Tales of a Housepunk Nothing, or: I Was a Twenty-Something Outreach Worker
Reprinted from Harm Reduction Communication, Spring 2002. For subscription information: firstname.lastname@example.org or visit www.harmreduction.org.
"No woman is required to build the world by destroying herself."
Until recently I worked as an outreach worker/advocate with young injectors in San Francisco. In the course of those four years I experienced enthusiasm, martyrdom, burnout, and all sorts of changes in between. This is my attempt to extract from my experiences ways that, as providers, we can take better care of each other and ourselves.
My involvement with the street scene started when I was fourteen. Squatting in downtown San Francisco, I drank, sparechanged and table-dived with the rest of the homeless punks. But I was still a housepunk; one of those kidz who talks too loud about the few drugs they do and still has a job scooping ice cream two days a week. Nor was I like the kids I worked with later, who'd been homeless for years on end. I had enough social support to return to and eventually graduate high school by living with a friend.

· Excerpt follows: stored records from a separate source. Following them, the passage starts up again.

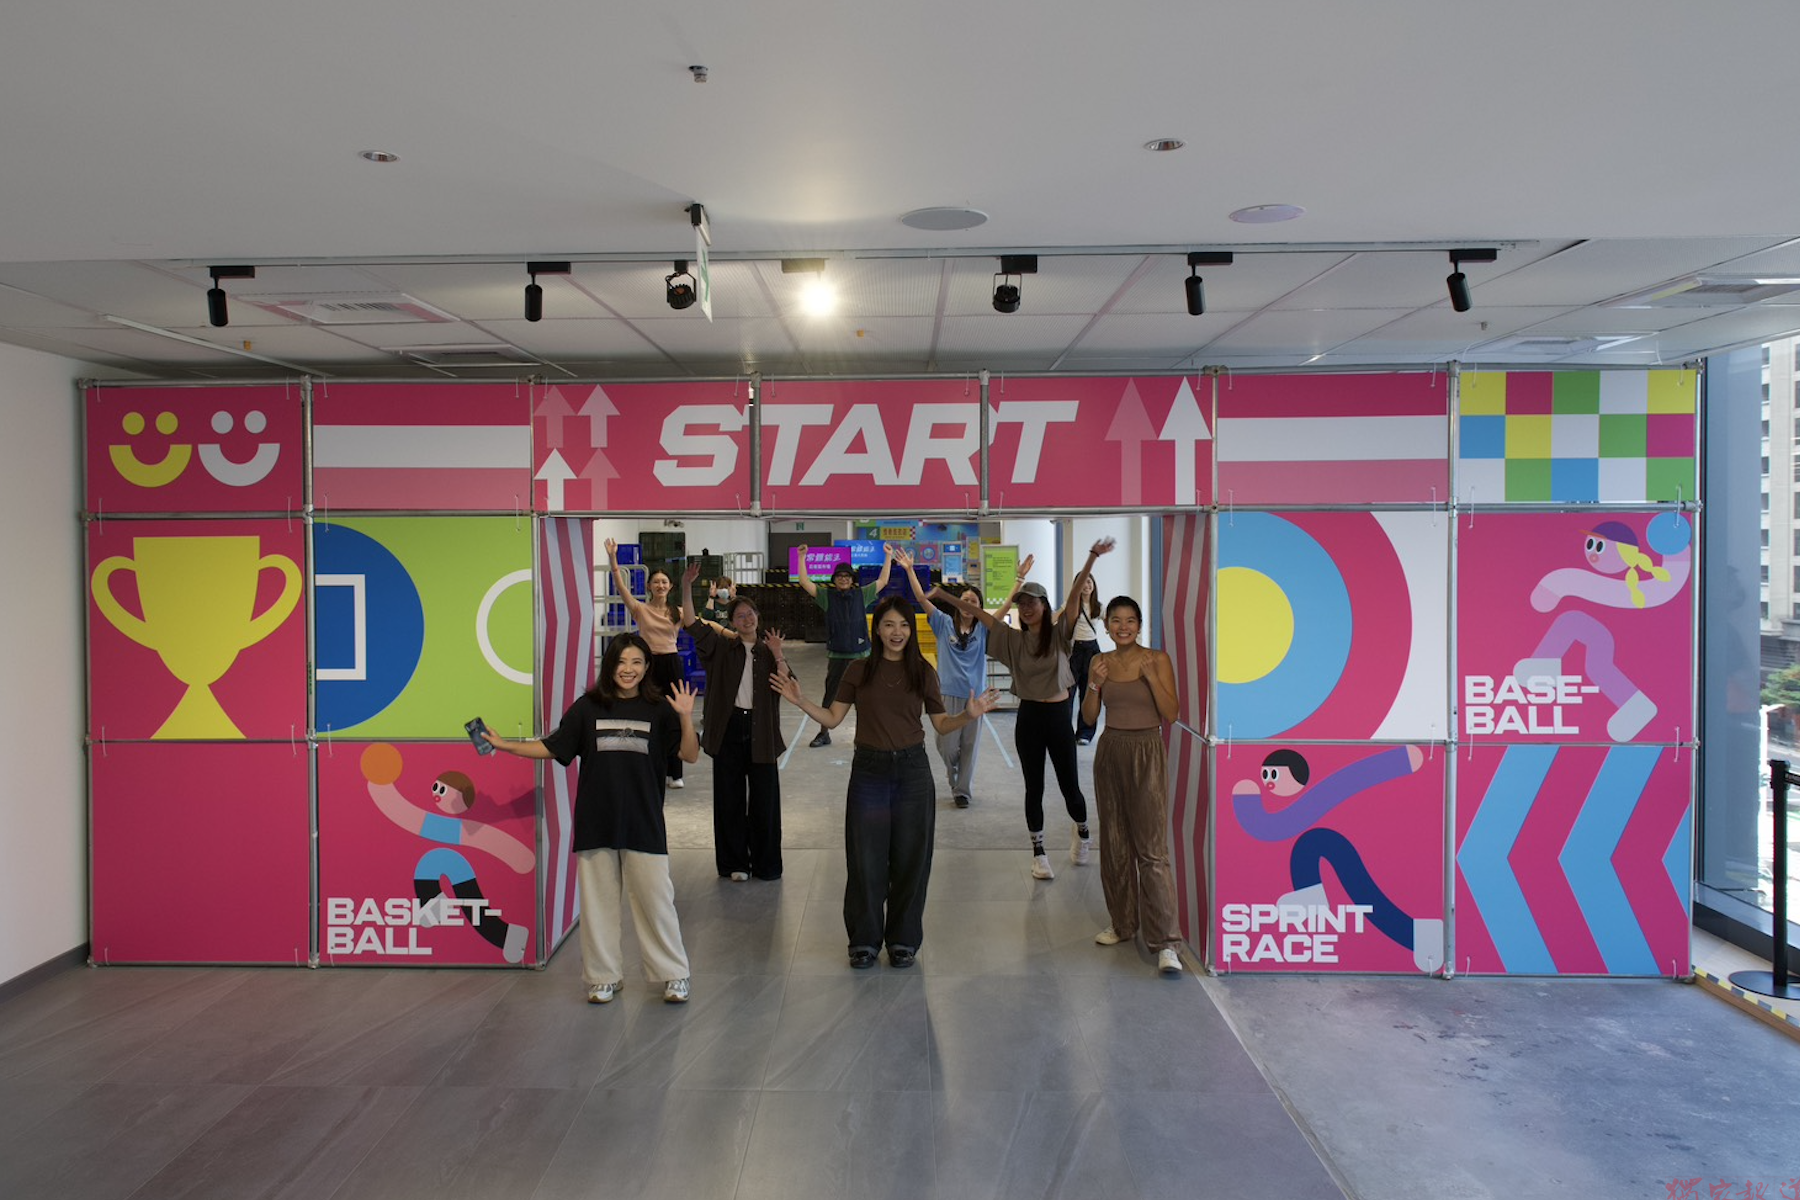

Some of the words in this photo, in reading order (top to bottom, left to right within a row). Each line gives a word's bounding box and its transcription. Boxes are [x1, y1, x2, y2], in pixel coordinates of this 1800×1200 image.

[653, 400, 1079, 486] START
[1465, 675, 1599, 704] BASE-
[1465, 706, 1579, 734] BALL
[327, 898, 502, 926] BASKET-
[1222, 904, 1373, 933] SPRINT
[327, 927, 432, 955] BALL
[1222, 934, 1338, 963] RACE
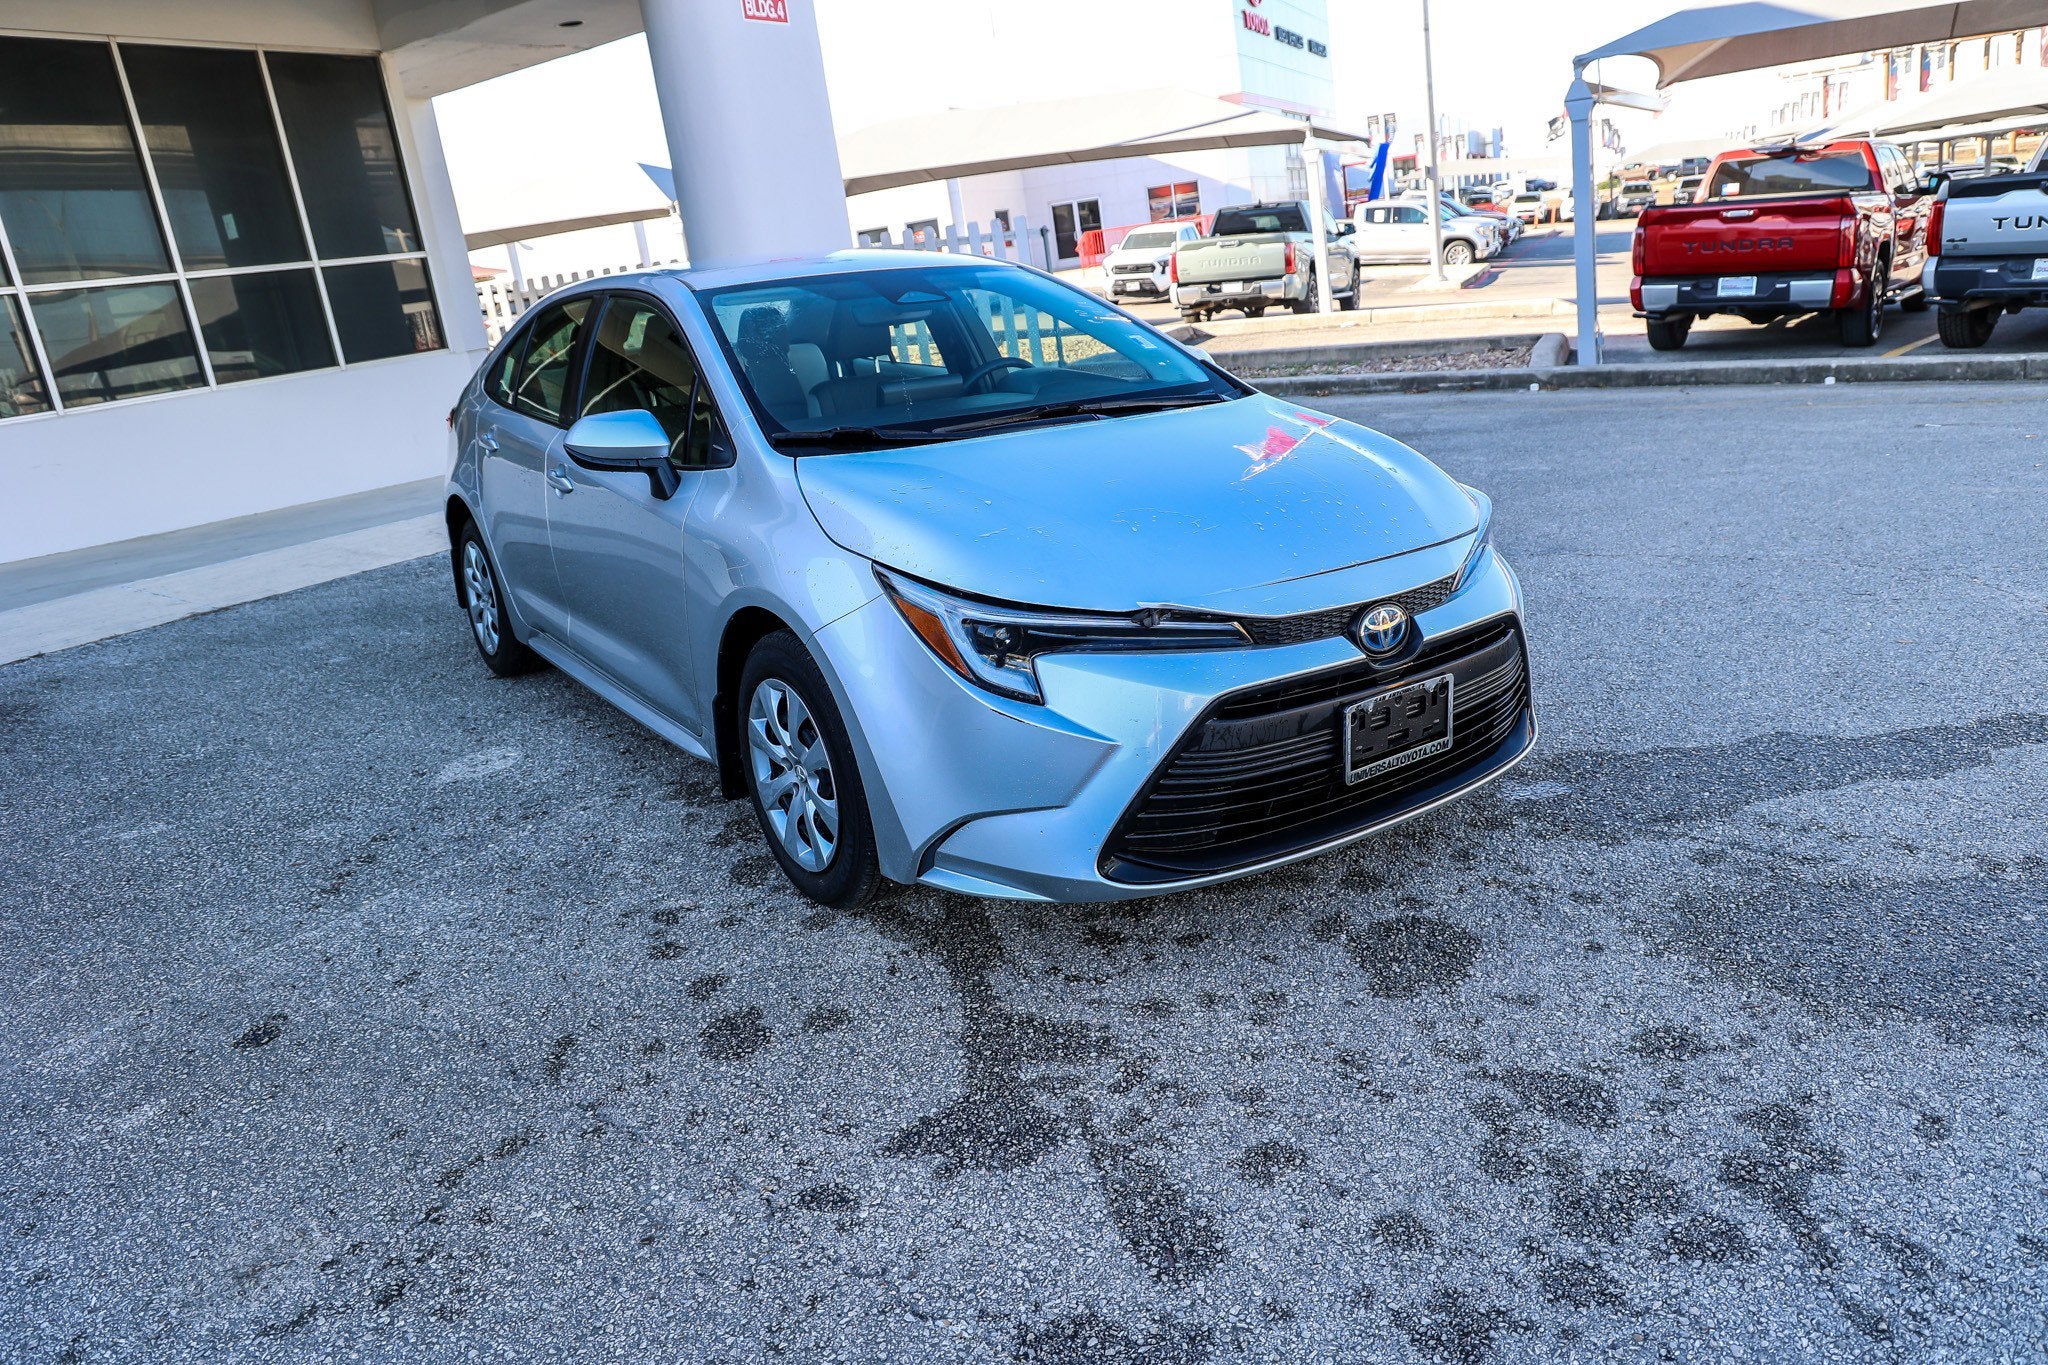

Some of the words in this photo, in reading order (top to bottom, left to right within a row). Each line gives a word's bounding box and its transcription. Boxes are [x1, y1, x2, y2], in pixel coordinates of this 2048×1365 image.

[1682, 236, 1794, 255] TUNDRA
[1200, 256, 1263, 269] TUNDRA
[1350, 739, 1449, 783] UNIVERSALTOYOTA.COM

By age twenty I had quit alcohol and other drugs and begun working as an outreach worker for the Haight Ashbury Youth Outreach Team. I'd been living indoors for several years but some of the people I'd squatted with were still on the streets and would come into the drop-in center. Being in a provider role with old friends felt awkward and difficult. Until I knew better, I dealt with my discomfort by overzealously attempting to prove that I was still "down." I eventually realized that "the kidz" (homeless youth ages 14-29) could see through my insincerity, and I finally learned to just be myself -- a housepunk.

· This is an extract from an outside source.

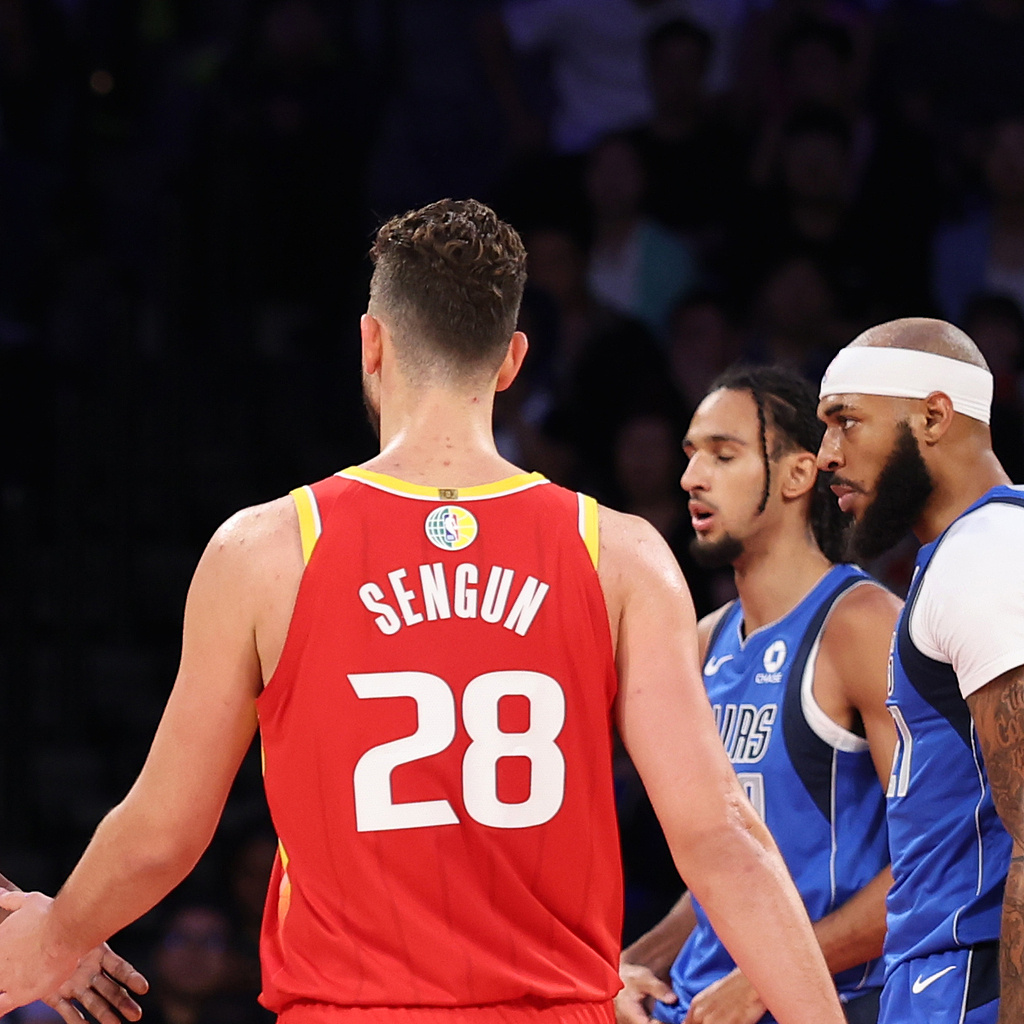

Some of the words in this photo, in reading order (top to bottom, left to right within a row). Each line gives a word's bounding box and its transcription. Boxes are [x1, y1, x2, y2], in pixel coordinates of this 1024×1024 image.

[358, 562, 550, 637] SENGUN
[755, 672, 782, 685] CHASE
[346, 670, 566, 832] 28

Without knowing what it was called, I did everything a good harm reduction counselor/outreach worker/everything-else-under-the-sun could do. I met the kidz where they were at: in the park, on the concrete, high as fuck, numb or happy, twacked on sleep deprivation or down, down low. I let them hang out at the drop-in high when other programs wouldn't, keeping them awake to prevent them from overdosing. I sat by their sides in hospital waiting rooms for hours on end to ensure they got proper care from oftentimes judgmental doctors. I listened to horrific stories of pain and abuse, and gave support; talking about hope, safe shooting, taking breaks. I survived evictions and agency funding nightmares to defend the kidz against NIMBYs, and pled with probation officers to keep them out of jail. I loved those kidz, and became integrated into their lives like the mothers they never had would've, could've, should've had if things had been different. It was me and the kidz against the world and I was going to take it all on. On rainy nights I lay awake, struggling to believe that I was not inherently evil for having a bed to sleep in when others were cold, unsafe, freezing outside. Early on I was offered a raise and refused it, saying we should spend the money on socks. I thought that if I just fought hard enough, things would be okay. I was a guerilla fighter on the frontlines of the never-ending battle called harm reduction.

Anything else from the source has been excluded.